(PROVIDED INFORMATION)

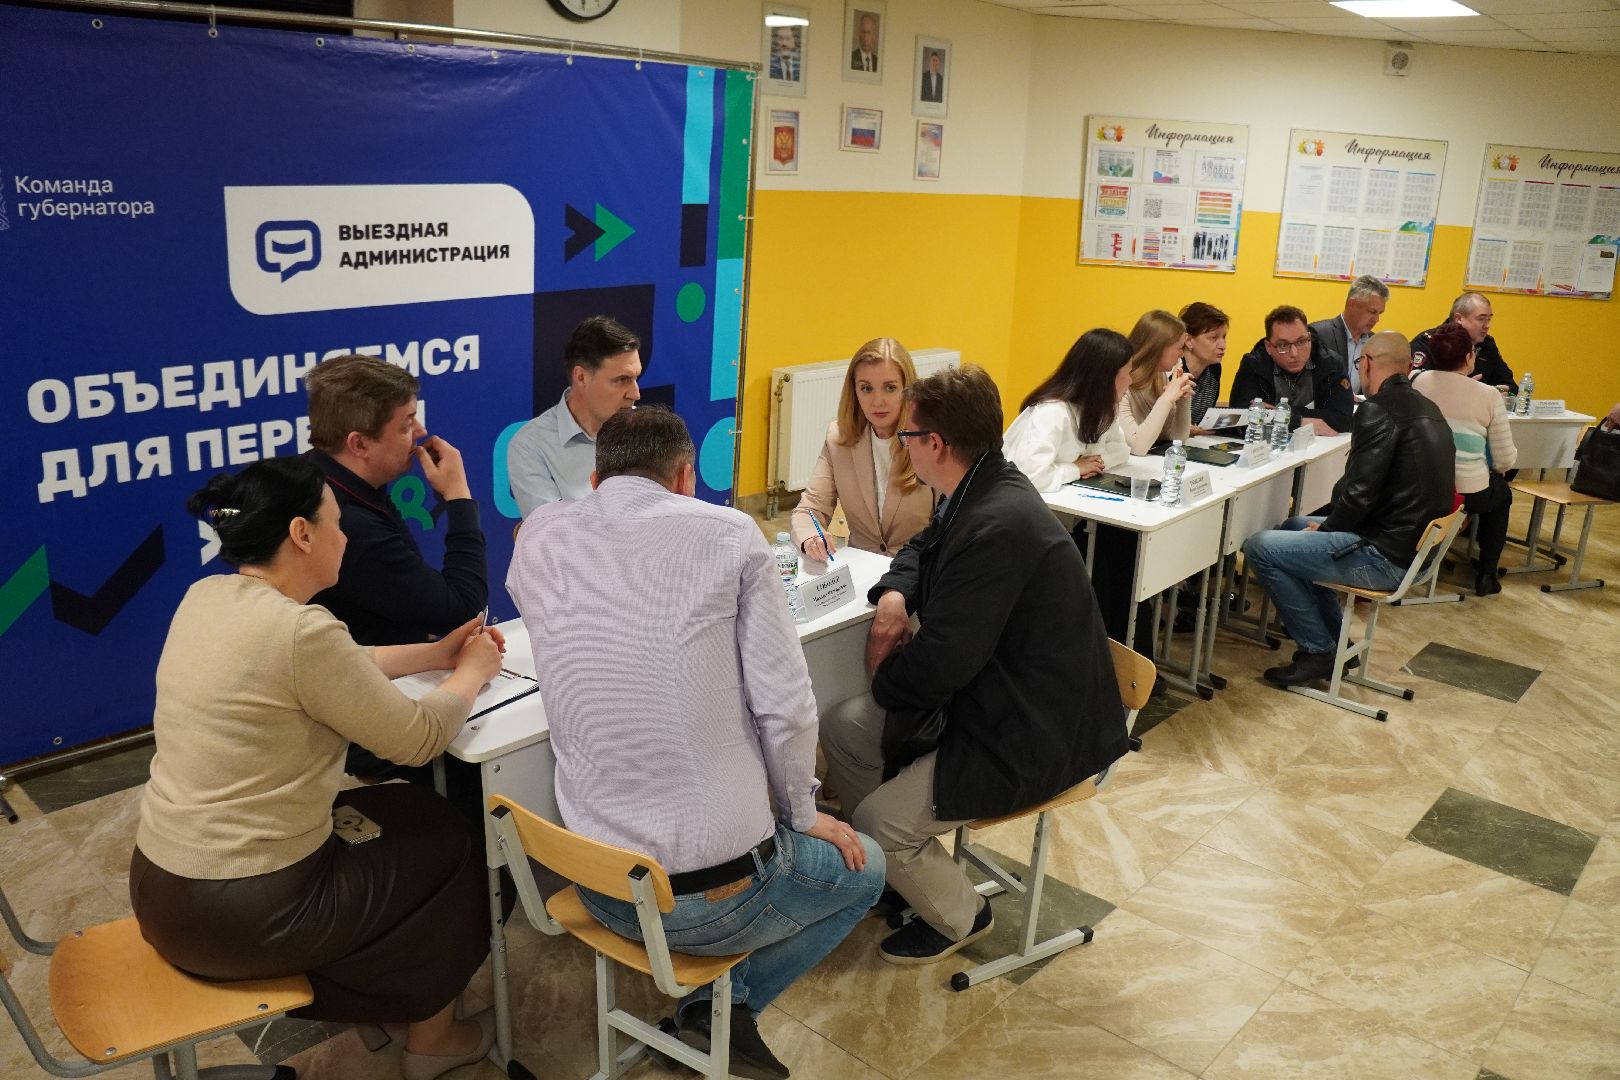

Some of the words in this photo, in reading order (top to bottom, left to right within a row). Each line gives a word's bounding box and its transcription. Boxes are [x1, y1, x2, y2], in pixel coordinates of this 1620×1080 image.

[1145, 123, 1235, 148] Информация
[1345, 139, 1432, 165] Информация
[15, 176, 113, 196] Команда
[18, 199, 155, 221] губернатора
[338, 222, 448, 241] ВЫЕЗДНАЯ
[339, 244, 510, 270] АДМИНИСТРАЦИЯ
[27, 334, 480, 424] ОБЪЕДИНМСЯ
[37, 435, 172, 504] ДЛЯ

(End PROVIDED INFORMATION)

TASK PROMPT: An exact reproduction of every record above is required, with no pictures included.

ANSWER FOR THIS EXERCISE:
Some of the words in this photo, in reading order (top to bottom, left to right within a row). Each line gives a word's bounding box and its transcription. Boxes are [x1, y1, x2, y2], in pixel coordinates of this 1620×1080 image.

[1145, 123, 1235, 148] Информация
[1345, 139, 1432, 165] Информация
[15, 176, 113, 196] Команда
[18, 199, 155, 221] губернатора
[338, 222, 448, 241] ВЫЕЗДНАЯ
[339, 244, 510, 270] АДМИНИСТРАЦИЯ
[27, 334, 480, 424] ОБЪЕДИНМСЯ
[37, 435, 172, 504] ДЛЯ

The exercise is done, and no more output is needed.